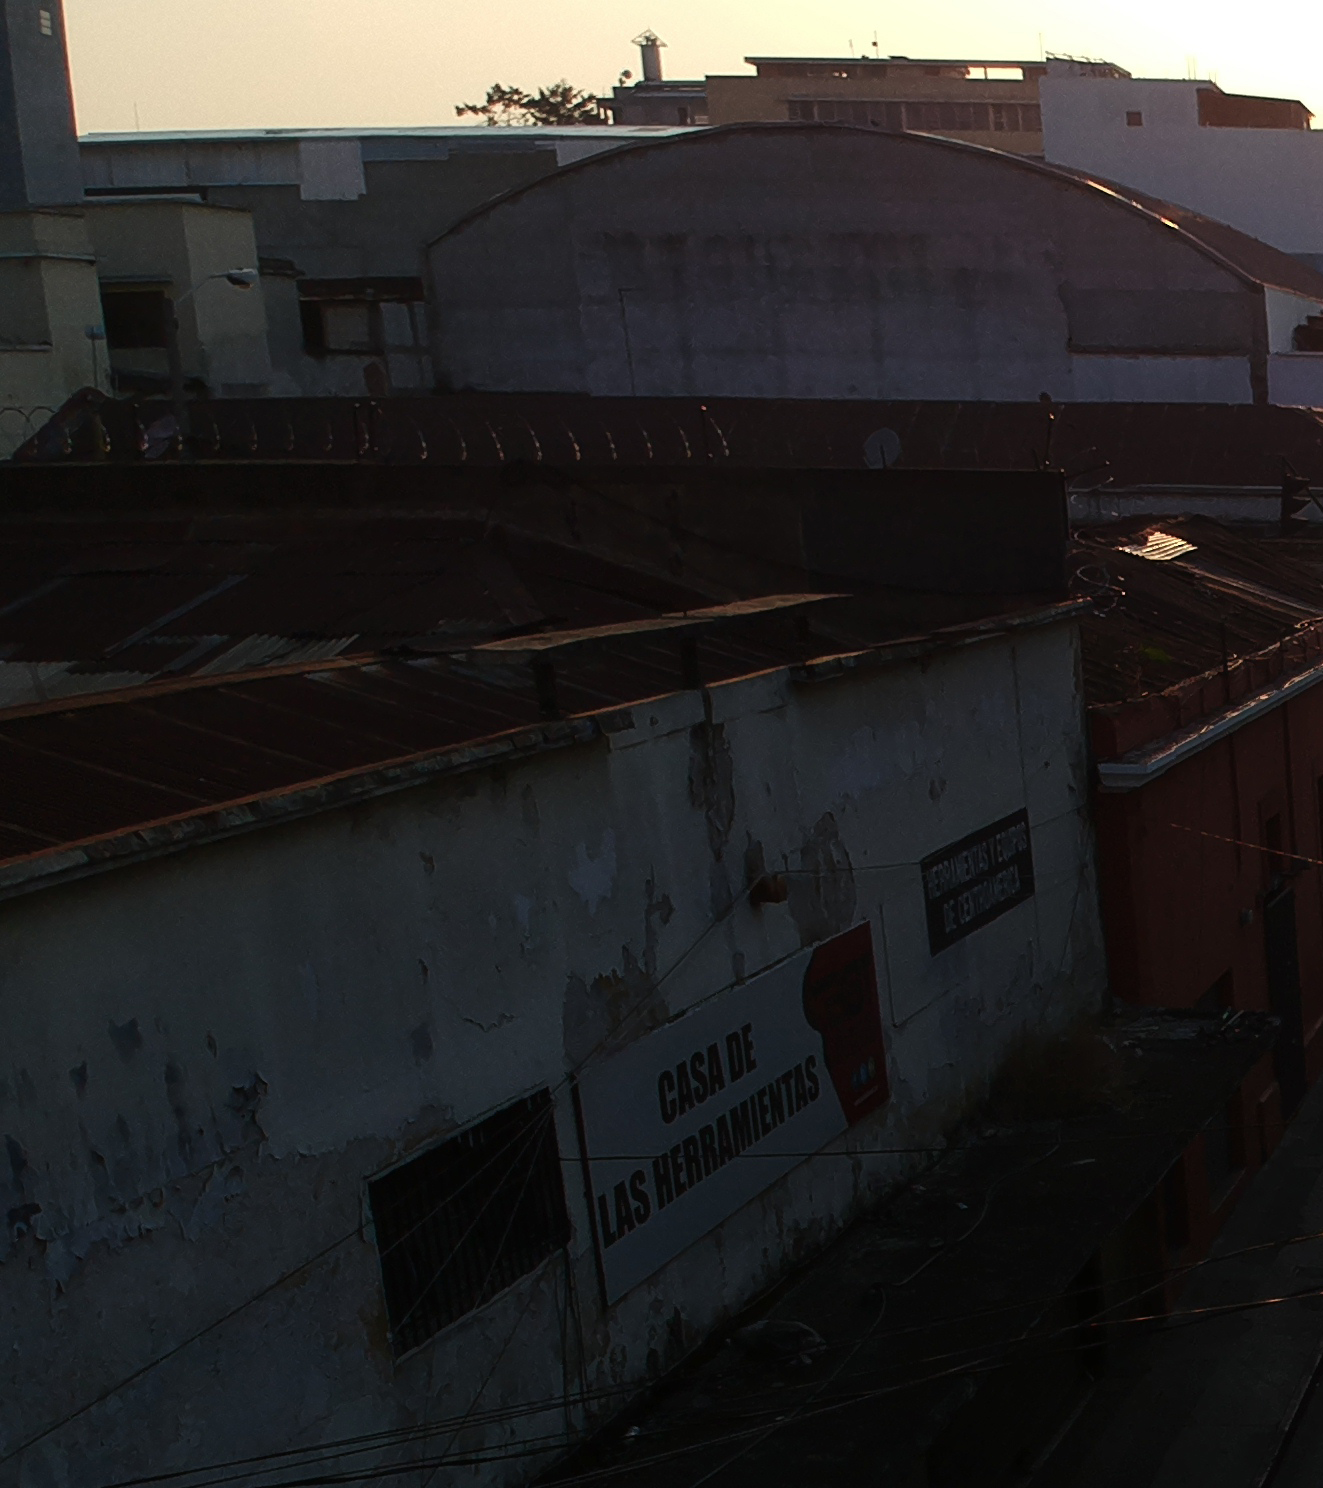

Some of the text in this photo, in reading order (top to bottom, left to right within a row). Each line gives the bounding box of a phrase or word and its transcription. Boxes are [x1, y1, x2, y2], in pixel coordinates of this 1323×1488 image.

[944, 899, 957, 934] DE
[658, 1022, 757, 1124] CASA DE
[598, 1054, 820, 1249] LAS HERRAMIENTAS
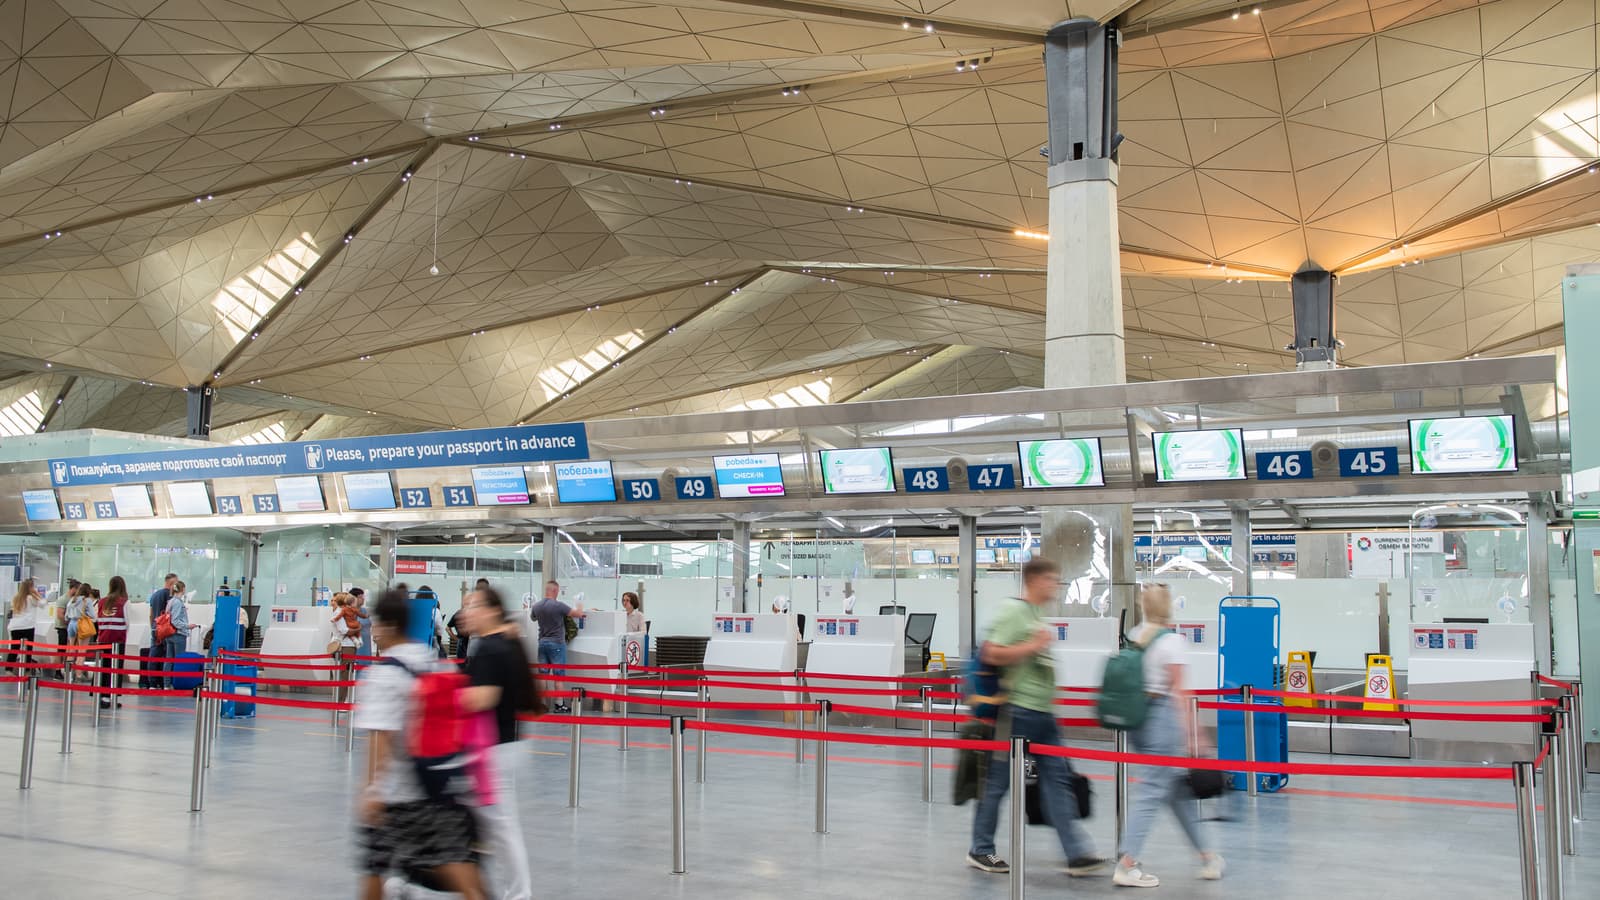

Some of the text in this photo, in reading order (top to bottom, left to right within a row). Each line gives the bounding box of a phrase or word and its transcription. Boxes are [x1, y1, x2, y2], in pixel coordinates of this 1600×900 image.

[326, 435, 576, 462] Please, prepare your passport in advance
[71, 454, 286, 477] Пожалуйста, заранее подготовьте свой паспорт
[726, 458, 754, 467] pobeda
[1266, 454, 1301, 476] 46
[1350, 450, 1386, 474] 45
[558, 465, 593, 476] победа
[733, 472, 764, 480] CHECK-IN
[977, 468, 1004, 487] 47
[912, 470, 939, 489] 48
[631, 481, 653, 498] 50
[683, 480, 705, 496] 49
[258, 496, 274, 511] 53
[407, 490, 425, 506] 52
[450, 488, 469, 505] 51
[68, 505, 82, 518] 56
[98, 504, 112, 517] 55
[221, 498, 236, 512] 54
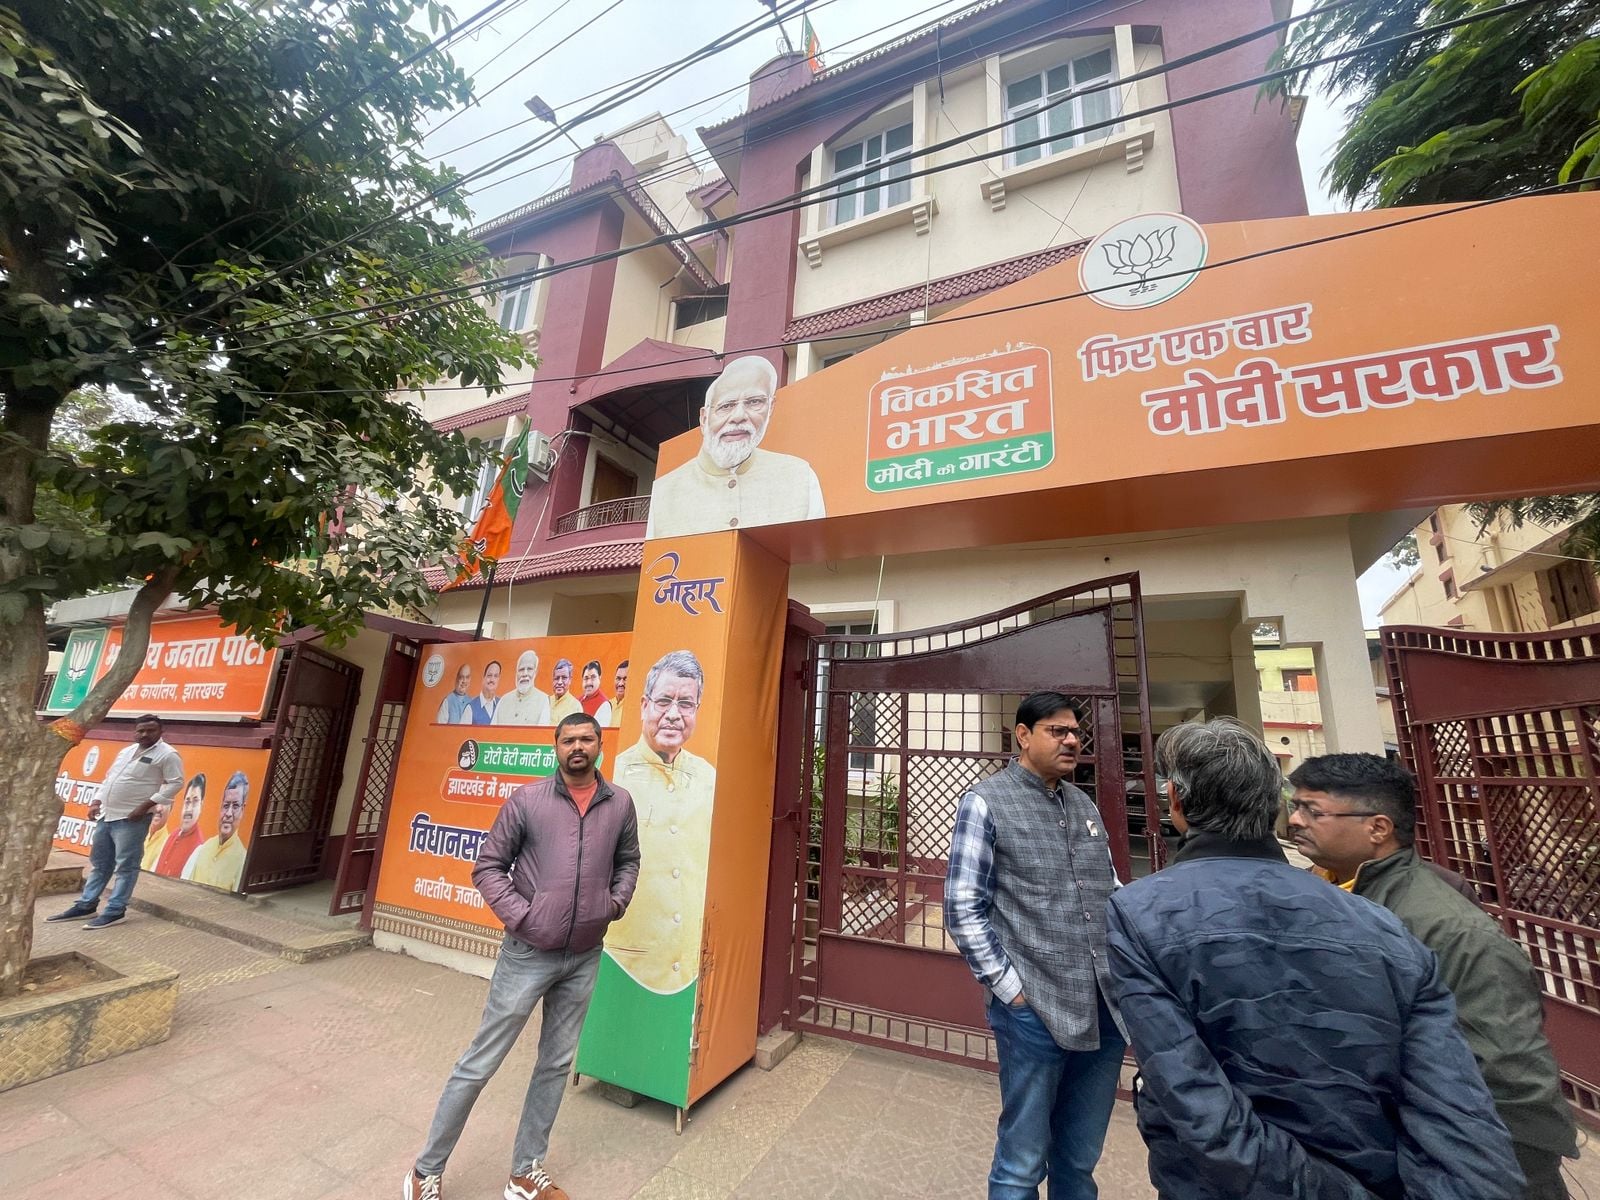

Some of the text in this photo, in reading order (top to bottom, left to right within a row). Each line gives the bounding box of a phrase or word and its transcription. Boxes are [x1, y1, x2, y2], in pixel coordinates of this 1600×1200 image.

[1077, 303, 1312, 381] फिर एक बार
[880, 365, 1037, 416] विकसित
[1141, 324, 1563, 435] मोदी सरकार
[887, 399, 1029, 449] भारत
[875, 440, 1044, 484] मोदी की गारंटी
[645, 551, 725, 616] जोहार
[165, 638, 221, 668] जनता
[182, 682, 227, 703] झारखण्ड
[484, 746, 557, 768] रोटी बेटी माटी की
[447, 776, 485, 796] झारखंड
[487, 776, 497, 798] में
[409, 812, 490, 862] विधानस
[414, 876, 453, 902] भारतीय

▬▬▬▬▬▬

■ **TASK DETAILS**:
Could you set down the data exactly as given, minus its pictures?

■ **RESPONSE**:
Some of the text in this photo, in reading order (top to bottom, left to right within a row). Each line gives the bounding box of a phrase or word and its transcription. Boxes are [x1, y1, x2, y2], in pixel coordinates of this 1323×1488 image.

[944, 899, 957, 934] DE
[658, 1022, 757, 1124] CASA DE
[598, 1054, 820, 1249] LAS HERRAMIENTAS

Some of the text in this photo, in reading order (top to bottom, left to right within a row). Each line gives the bounding box of a phrase or word and its transcription. Boxes are [x1, y1, x2, y2], in pixel coordinates of this 1600×900 image.

[326, 435, 576, 462] Please, prepare your passport in advance
[71, 454, 286, 477] Пожалуйста, заранее подготовьте свой паспорт
[726, 458, 754, 467] pobeda
[1266, 454, 1301, 476] 46
[1350, 450, 1386, 474] 45
[558, 465, 593, 476] победа
[733, 472, 764, 480] CHECK-IN
[977, 468, 1004, 487] 47
[912, 470, 939, 489] 48
[631, 481, 653, 498] 50
[683, 480, 705, 496] 49
[258, 496, 274, 511] 53
[407, 490, 425, 506] 52
[450, 488, 469, 505] 51
[68, 505, 82, 518] 56
[98, 504, 112, 517] 55
[221, 498, 236, 512] 54

Some of the text in this photo, in reading order (top to bottom, left to right within a row). Each line gives the bounding box of a phrase or word and its transcription. Boxes are [x1, y1, x2, y2], in pixel coordinates of this 1600×1200 image.

[1077, 303, 1312, 381] फिर एक बार
[880, 365, 1037, 416] विकसित
[1141, 324, 1563, 435] मोदी सरकार
[887, 399, 1029, 449] भारत
[875, 440, 1044, 484] मोदी की गारंटी
[645, 551, 725, 616] जोहार
[165, 638, 221, 668] जनता
[182, 682, 227, 703] झारखण्ड
[484, 746, 557, 768] रोटी बेटी माटी की
[447, 776, 485, 796] झारखंड
[487, 776, 497, 798] में
[409, 812, 490, 862] विधानस
[414, 876, 453, 902] भारतीय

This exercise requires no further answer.